Guardando l’andamento nel tempo, sulla base del registro completo, emerge una dinamica altalenante ma con una tendenza complessiva alla diminuzione negli ultimi anni rispetto ai picchi del passato: il massimo si registra nel 2012 con 15 incendi, seguito dal 2017 con 13 e dal 2011 con 10, mentre gli anni più recenti mostrano numeri più contenuti, con 6 episodi nel 2023 e appena 2 nel 2024; l’anno con meno incendi in assoluto è il 2016, in cui non si sono verificati eventi. Nel complesso si può parlare di una fase più critica nel decennio 2010-2017, seguita da una progressiva riduzione e da una situazione oggi più stabile, anche se con oscillazioni legate alle condizioni climatiche e alla stagionalità degli eventi.
Numero incendi anno per anno (Comune di Gubbio)
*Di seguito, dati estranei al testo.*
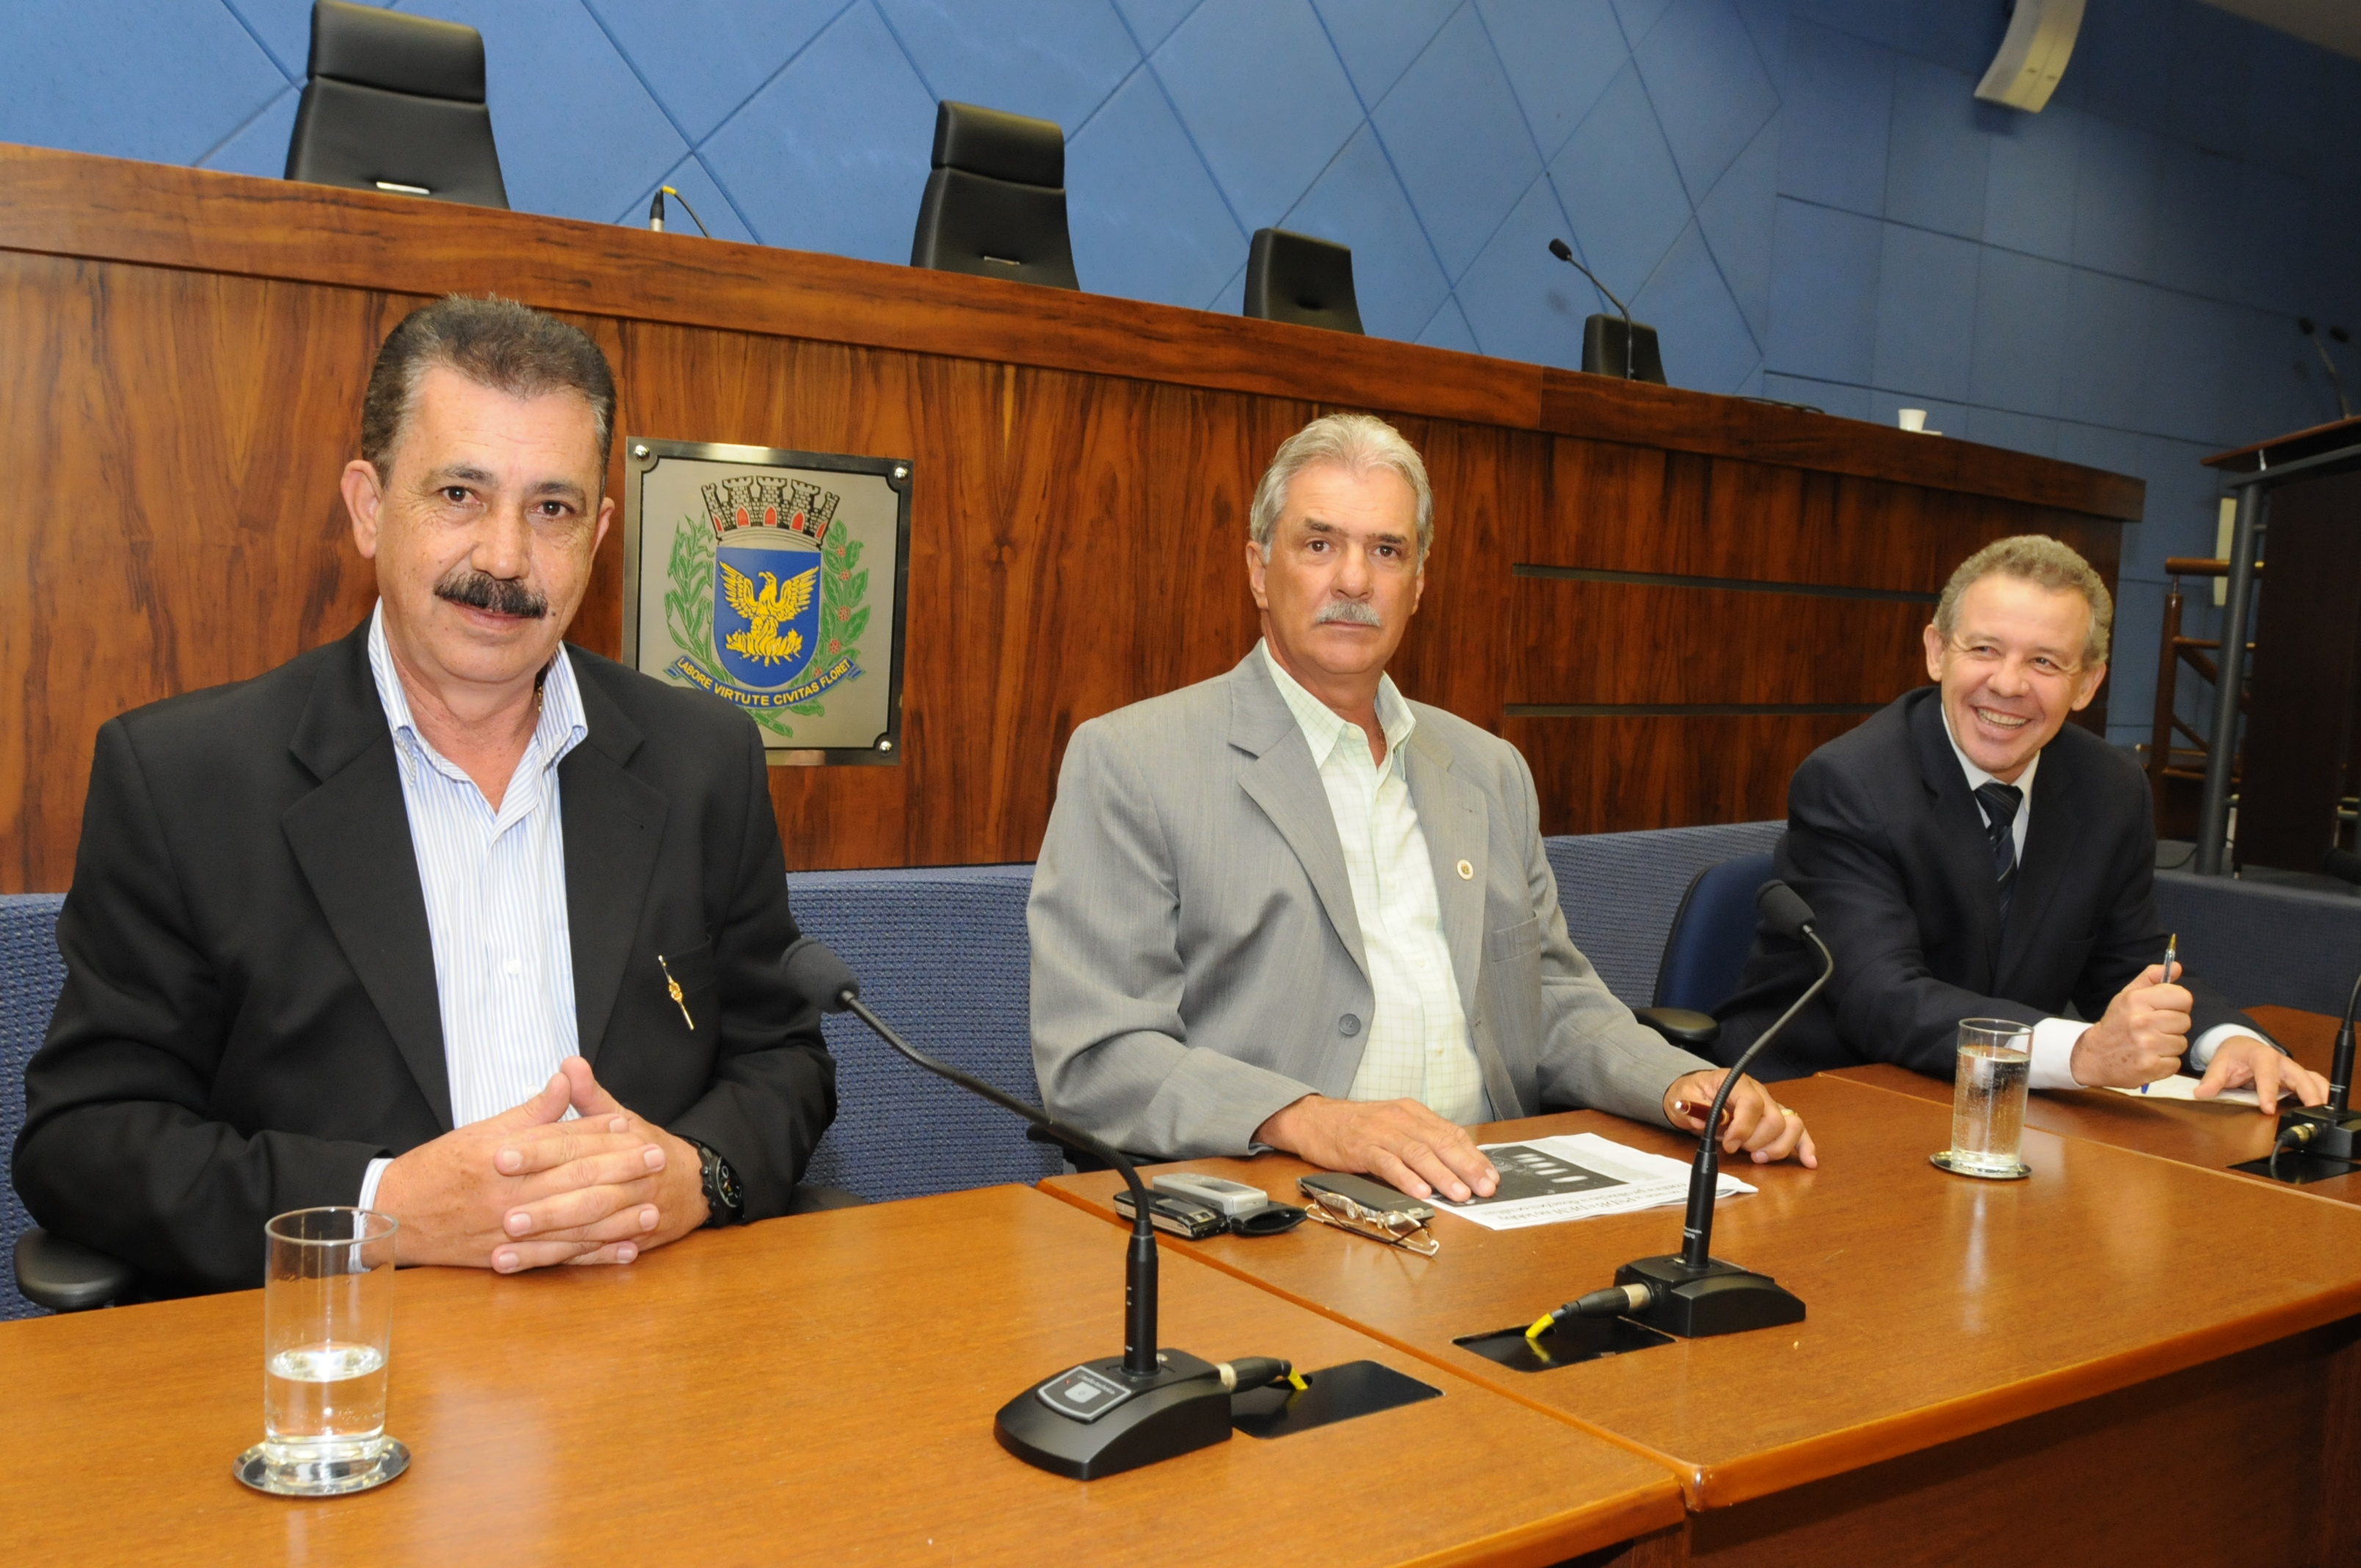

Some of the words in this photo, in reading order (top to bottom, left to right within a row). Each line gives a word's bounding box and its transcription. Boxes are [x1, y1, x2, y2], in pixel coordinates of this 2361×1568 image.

[676, 658, 714, 689] LABORE
[714, 683, 769, 706] VIRTUTE
[773, 682, 820, 705] CIVITAS
[819, 658, 851, 689] FLORET
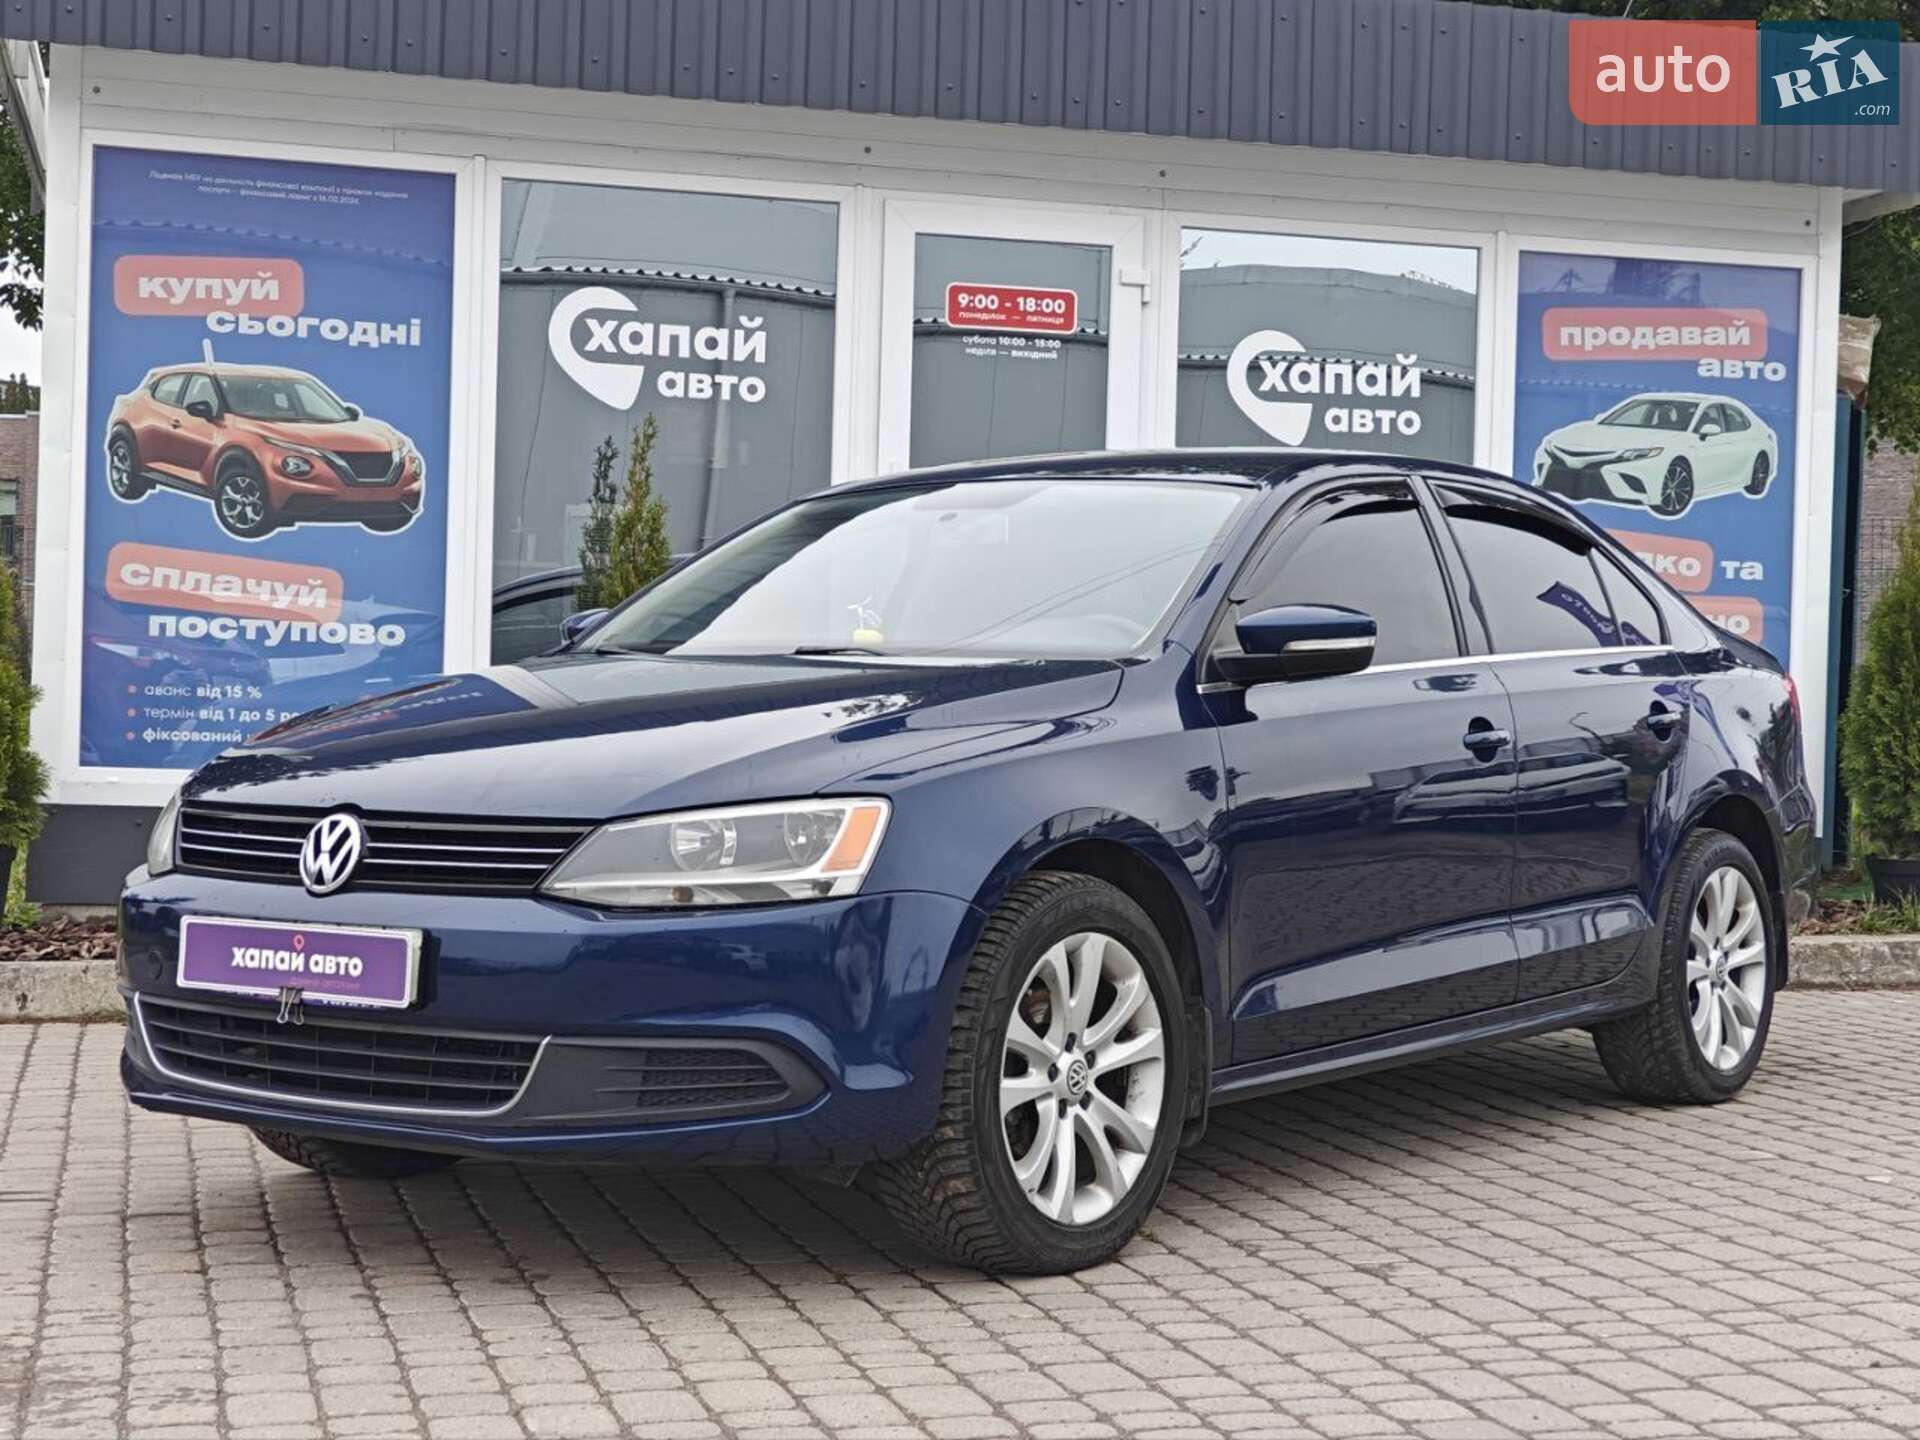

COSA E’ IL REGISTRO DELLA AREE ANDATE A FUOCO
Si tratta di un aggiornamento obbligatorio previsto dalla normativa nazionale, che ogni anno integra il registro ufficiale con i nuovi incendi accertati e, allo stesso tempo, elimina quelli più vecchi di quindici anni, in quanto cessano i vincoli previsti dalla legge. Il registro – parte integrante del Catasto insieme alla cartografia – è uno strumento tecnico e amministrativo che censisce puntualmente le aree colpite da incendio, con indicazione di località, particelle catastali e perimetrazioni, ed è fondamentale perché su queste superfici scattano specifici divieti, tra cui il cambio di destinazione d’uso per almeno 15 anni. La raccolta e la trasmissione dei dati non dipendono da un solo soggetto: storicamente era il Corpo Forestale dello Stato, oggi Carabinieri Forestali, insieme ai Vigili del Fuoco e alle strutture regionali competenti in materia ambientale e forestale, a segnalare e certificare gli incendi, fornendo al Comune le informazioni ufficiali che vengono poi elaborate e inserite nel registro.